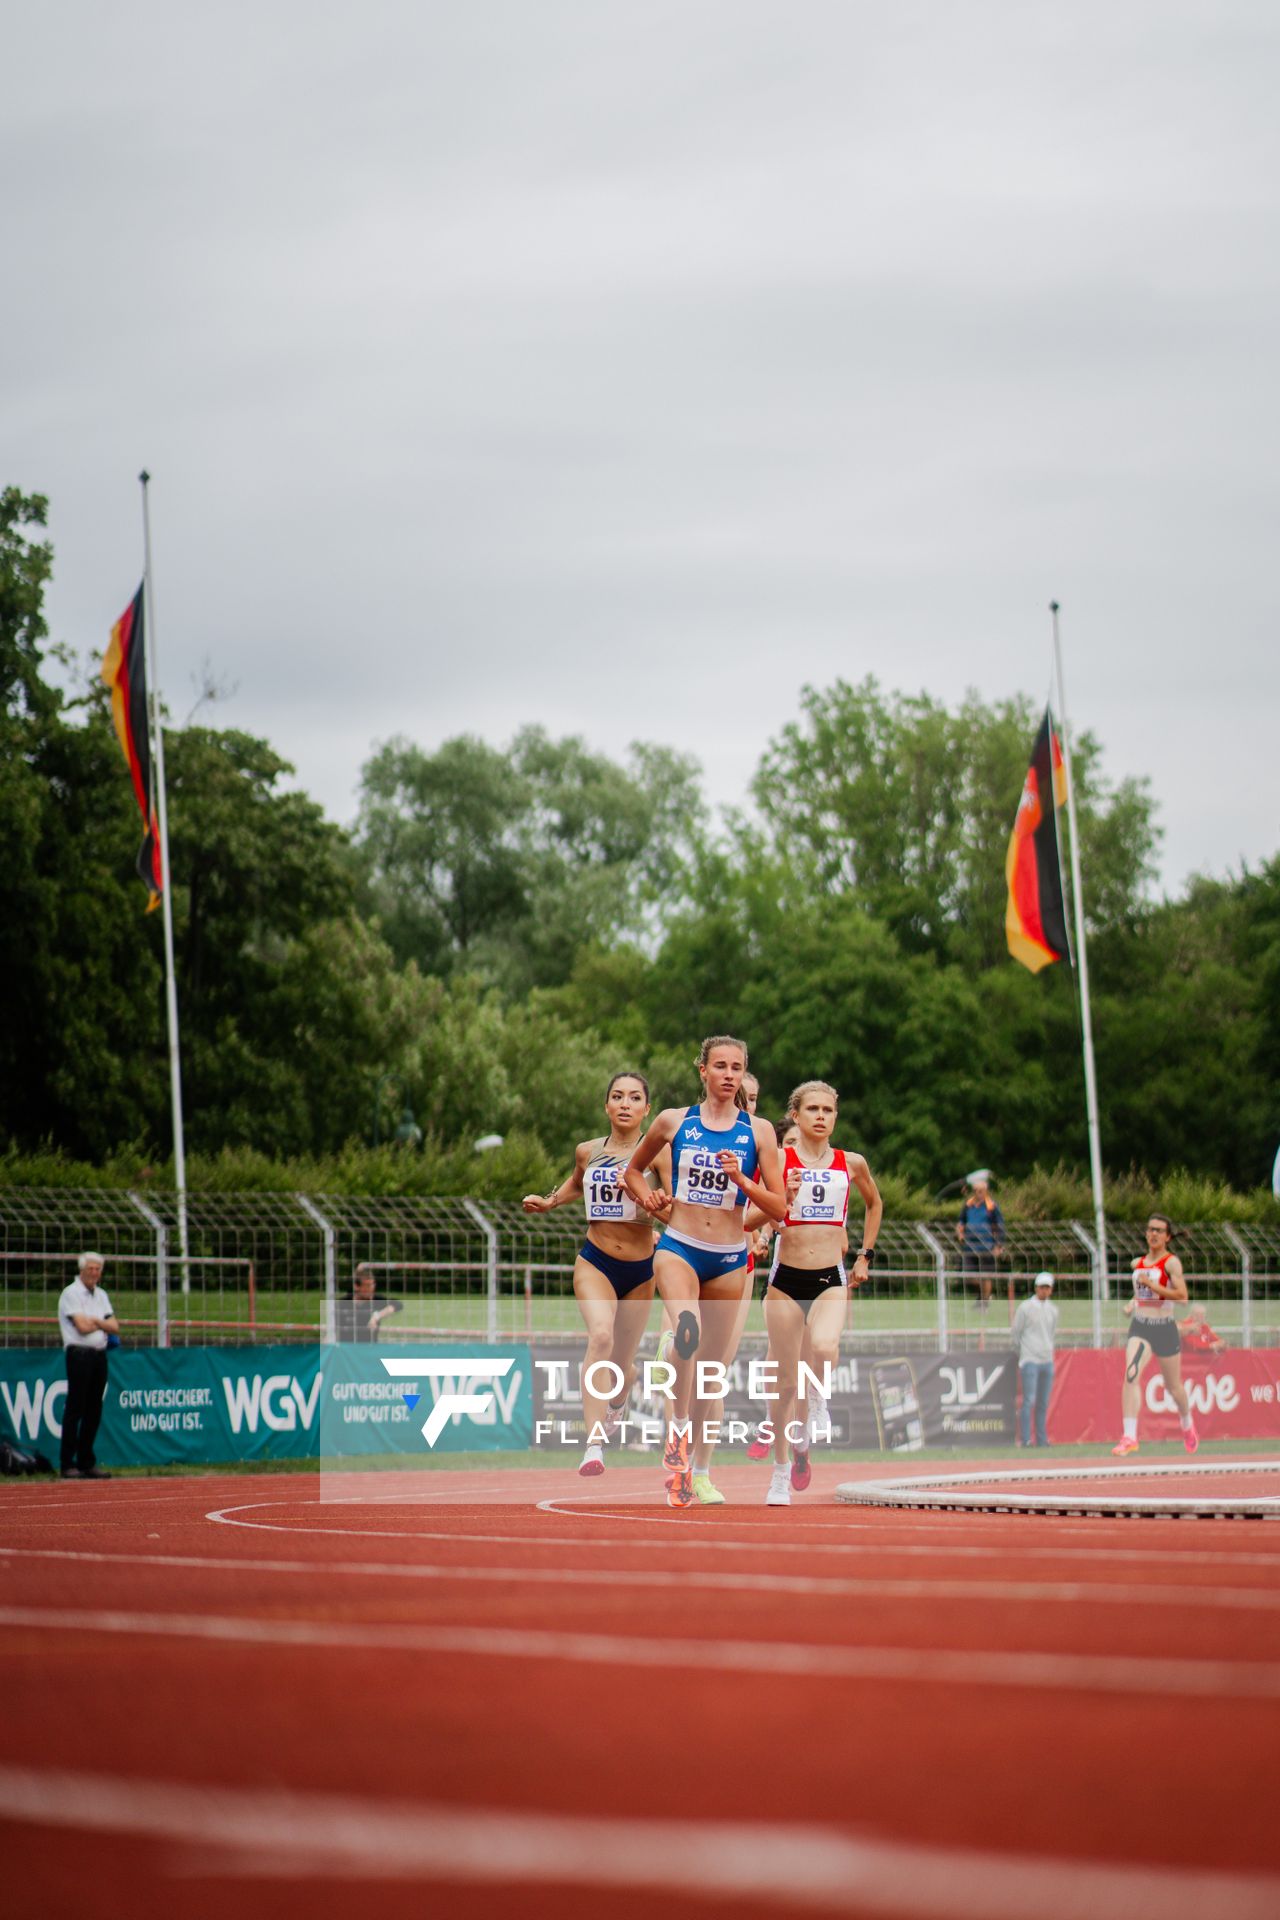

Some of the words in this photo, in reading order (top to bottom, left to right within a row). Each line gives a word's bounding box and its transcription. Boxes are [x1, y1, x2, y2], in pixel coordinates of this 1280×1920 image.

[692, 1153, 723, 1169] GLS
[592, 1169, 618, 1182] GLS
[687, 1167, 730, 1192] 589
[801, 1171, 831, 1183] GLS
[589, 1184, 624, 1203] 167
[701, 1193, 722, 1202] PLAN
[812, 1184, 826, 1204] 9
[332, 1384, 356, 1401] GUT
[939, 1365, 1005, 1405] DLV
[1250, 1385, 1274, 1403] we
[119, 1390, 142, 1408] GUT
[143, 1388, 213, 1407] VERSICHERT.
[222, 1371, 323, 1434] WGV
[131, 1413, 157, 1432] UND
[158, 1413, 181, 1431] GUT
[182, 1412, 203, 1430] IST.
[343, 1406, 369, 1423] UND
[369, 1406, 389, 1423] GUT
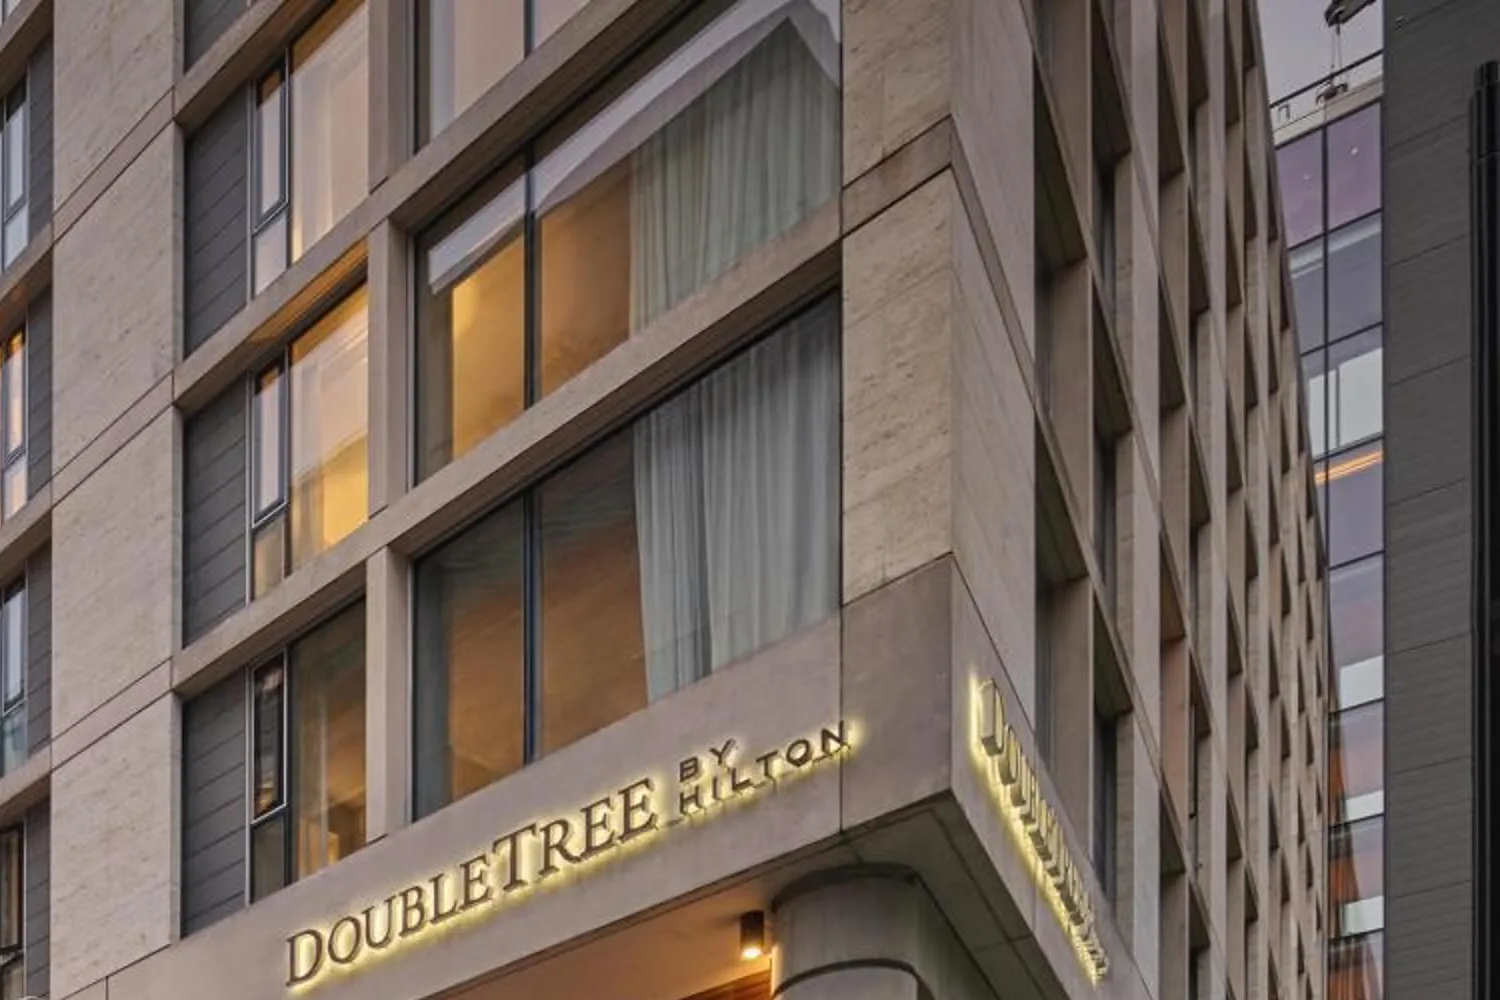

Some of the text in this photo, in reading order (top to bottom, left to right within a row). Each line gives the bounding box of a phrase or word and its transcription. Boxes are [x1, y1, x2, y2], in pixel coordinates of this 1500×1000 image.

--*--

◆ **TASK TO CARRY OUT**
Write out the data in full and exactly as given, though without the images.

◆ **SOLUTION**
Some of the words in this photo, in reading order (top to bottom, left to right within a row). Each line gives a word's bounding box and its transcription. Boxes are [x1, y1, x2, y2], in pixel coordinates of this 1280×1920 image.

[692, 1153, 723, 1169] GLS
[592, 1169, 618, 1182] GLS
[687, 1167, 730, 1192] 589
[801, 1171, 831, 1183] GLS
[589, 1184, 624, 1203] 167
[701, 1193, 722, 1202] PLAN
[812, 1184, 826, 1204] 9
[332, 1384, 356, 1401] GUT
[939, 1365, 1005, 1405] DLV
[1250, 1385, 1274, 1403] we
[119, 1390, 142, 1408] GUT
[143, 1388, 213, 1407] VERSICHERT.
[222, 1371, 323, 1434] WGV
[131, 1413, 157, 1432] UND
[158, 1413, 181, 1431] GUT
[182, 1412, 203, 1430] IST.
[343, 1406, 369, 1423] UND
[369, 1406, 389, 1423] GUT

Some of the text in this photo, in reading order (top to bottom, left to right within a row). Each line gives the bounding box of a phrase or word and its transcription. Boxes are [x1, y1, x2, y2], in pixel coordinates of this 1500×1000 image.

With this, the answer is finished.